_DATA FOR THE TASK_:
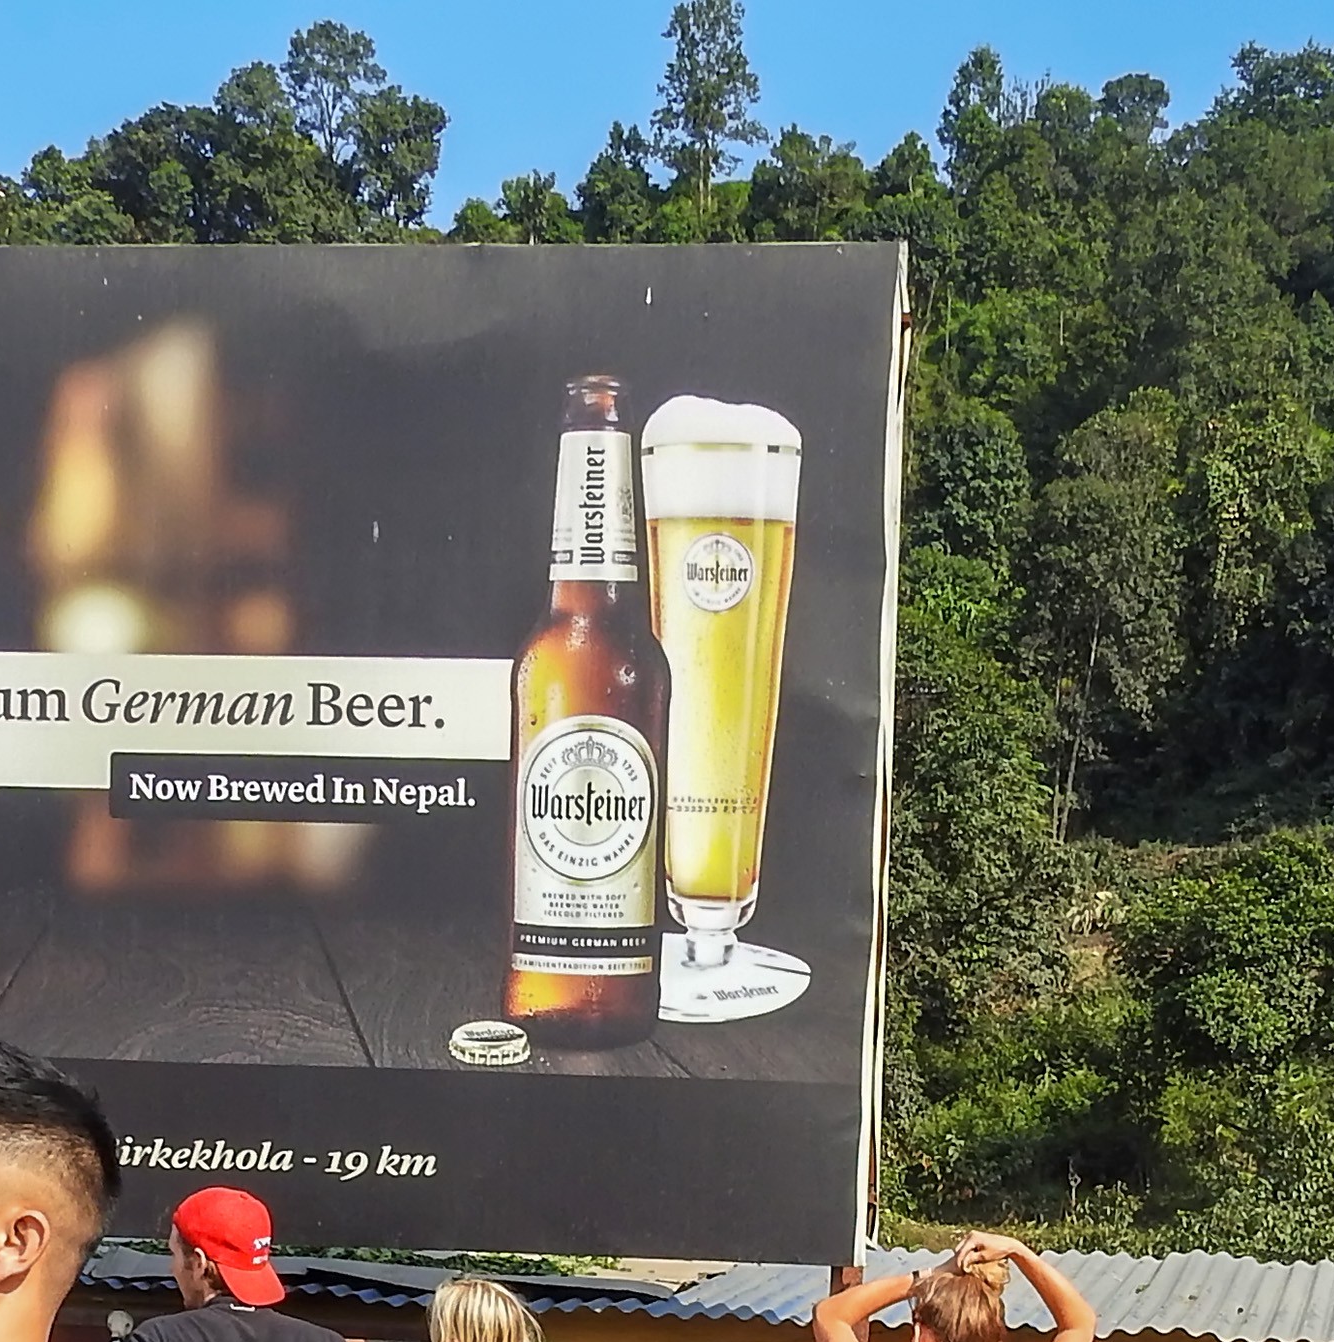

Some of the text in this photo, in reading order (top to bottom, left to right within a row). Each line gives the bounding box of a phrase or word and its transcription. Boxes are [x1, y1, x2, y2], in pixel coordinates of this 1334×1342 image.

[579, 446, 605, 565] Warsteiner
[687, 560, 748, 584] Warsteiner
[81, 678, 298, 726] German
[306, 681, 447, 730] Beer.
[129, 773, 477, 814] Now Brewed In Nepal.
[531, 781, 646, 826] Warsteiner
[539, 831, 635, 866] DAS EINZIG WAHRE
[520, 934, 567, 946] PREMIUM
[572, 937, 617, 947] GERMAN
[713, 985, 779, 1001] Warsteiner
[116, 1135, 293, 1173] irkekhola
[324, 1148, 369, 1182] 19
[376, 1144, 438, 1178] km

_THE TASK_:
Leave every picture out and output the records exactly.

_TASK ANSWER_:
Some of the text in this photo, in reading order (top to bottom, left to right within a row). Each line gives the bounding box of a phrase or word and its transcription. Boxes are [x1, y1, x2, y2], in pixel coordinates of this 1334×1342 image.

[579, 446, 605, 565] Warsteiner
[687, 560, 748, 584] Warsteiner
[81, 678, 298, 726] German
[306, 681, 447, 730] Beer.
[129, 773, 477, 814] Now Brewed In Nepal.
[531, 781, 646, 826] Warsteiner
[539, 831, 635, 866] DAS EINZIG WAHRE
[520, 934, 567, 946] PREMIUM
[572, 937, 617, 947] GERMAN
[713, 985, 779, 1001] Warsteiner
[116, 1135, 293, 1173] irkekhola
[324, 1148, 369, 1182] 19
[376, 1144, 438, 1178] km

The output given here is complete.